Step 1: Variables identification: the first step in this process is to identify two sets of variables. One set will comprise the alternatives to be ranked, and the other set will comprise the criteria that are to be used for ranking the alternatives. In this research, the ranking set consists of five ‘GBM elements’ and the reference set consists of three ‘benefit areas’. The five GBM elements are: GVP, TG, KA, KR, and FL, while the three benefit areas are: B1, B2, and B3. This will be explained in detail in Chapter 6. The decision problem is designed to rank GBM elements with reference to their dominance and influence on various benefit areas.

Step 2: Contextual relationship: this step can be considered the backbone for IRP and needs great attention. In this study, the contextual relationship is the 'influence of GBM elements in different benefit areas'. The elements having more influence will be ranked higher. These relationships have been extracted from the interview analysis. Although there were no direct questions about these relationships, the researcher was able to document them during the analysis process.

Step 3: Cross-interaction matrix: this matrix will be dependent on the previous step, and the relationships developed can be presented as a binary matrix. In the binary matrix, ‘1’ denotes relationship between the two variables while ‘0’ denotes no relationship. In other words, the binary matrix questions the existence of a relationship between each GBM element and the benefit areas. In some cases all the pairs of interactions might exist, thus making the cross-interaction matrix a 'unit matrix'. Step 4: Interpretation of interaction: the binary matrix can be converted into a cross- interaction -interpretive matrix by interpreting the interactions with entry ‘1’. That means all the possible interactions between the pair(s) of variables are to be interpreted in terms of the contextual relationship.
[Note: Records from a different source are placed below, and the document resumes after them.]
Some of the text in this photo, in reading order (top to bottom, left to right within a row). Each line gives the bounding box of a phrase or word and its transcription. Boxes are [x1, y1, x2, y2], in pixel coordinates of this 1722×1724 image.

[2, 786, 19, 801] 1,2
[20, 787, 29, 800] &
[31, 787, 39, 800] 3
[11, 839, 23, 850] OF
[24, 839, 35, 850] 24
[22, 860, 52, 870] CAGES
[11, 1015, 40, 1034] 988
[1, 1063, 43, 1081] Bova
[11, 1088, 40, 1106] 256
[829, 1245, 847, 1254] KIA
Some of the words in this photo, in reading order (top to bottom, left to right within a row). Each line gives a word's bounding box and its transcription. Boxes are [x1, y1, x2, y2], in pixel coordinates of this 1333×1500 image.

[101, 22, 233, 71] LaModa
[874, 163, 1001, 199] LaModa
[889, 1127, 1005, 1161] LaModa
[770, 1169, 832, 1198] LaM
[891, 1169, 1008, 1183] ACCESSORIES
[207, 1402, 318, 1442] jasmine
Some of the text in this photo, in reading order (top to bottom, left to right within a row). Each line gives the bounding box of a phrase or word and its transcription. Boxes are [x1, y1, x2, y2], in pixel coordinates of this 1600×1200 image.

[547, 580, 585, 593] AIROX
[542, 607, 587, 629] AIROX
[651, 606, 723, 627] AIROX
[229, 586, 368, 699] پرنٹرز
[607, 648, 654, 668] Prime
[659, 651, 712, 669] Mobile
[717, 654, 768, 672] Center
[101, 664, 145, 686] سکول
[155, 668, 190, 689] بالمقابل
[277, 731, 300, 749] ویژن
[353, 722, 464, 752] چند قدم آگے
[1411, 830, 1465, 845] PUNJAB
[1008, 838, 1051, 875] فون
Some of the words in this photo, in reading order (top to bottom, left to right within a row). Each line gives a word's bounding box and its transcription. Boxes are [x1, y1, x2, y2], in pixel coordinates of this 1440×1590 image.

The interpretive matrix becomes the essential data for comparison for the purpose of ranking of the variables. In the case of GBM elements and benefits, the interpretation was based on interviewee responses.

Step 5: Pair-wise comparison: The interpretive matrix is used as a basis to pair compares the ranking variables with reference to the reference variable(s) one by one. It is worth noting that the GBM elements (ranking variables) are not directly compared, rather their interaction with reference to. the benefit (reference variables) is compared.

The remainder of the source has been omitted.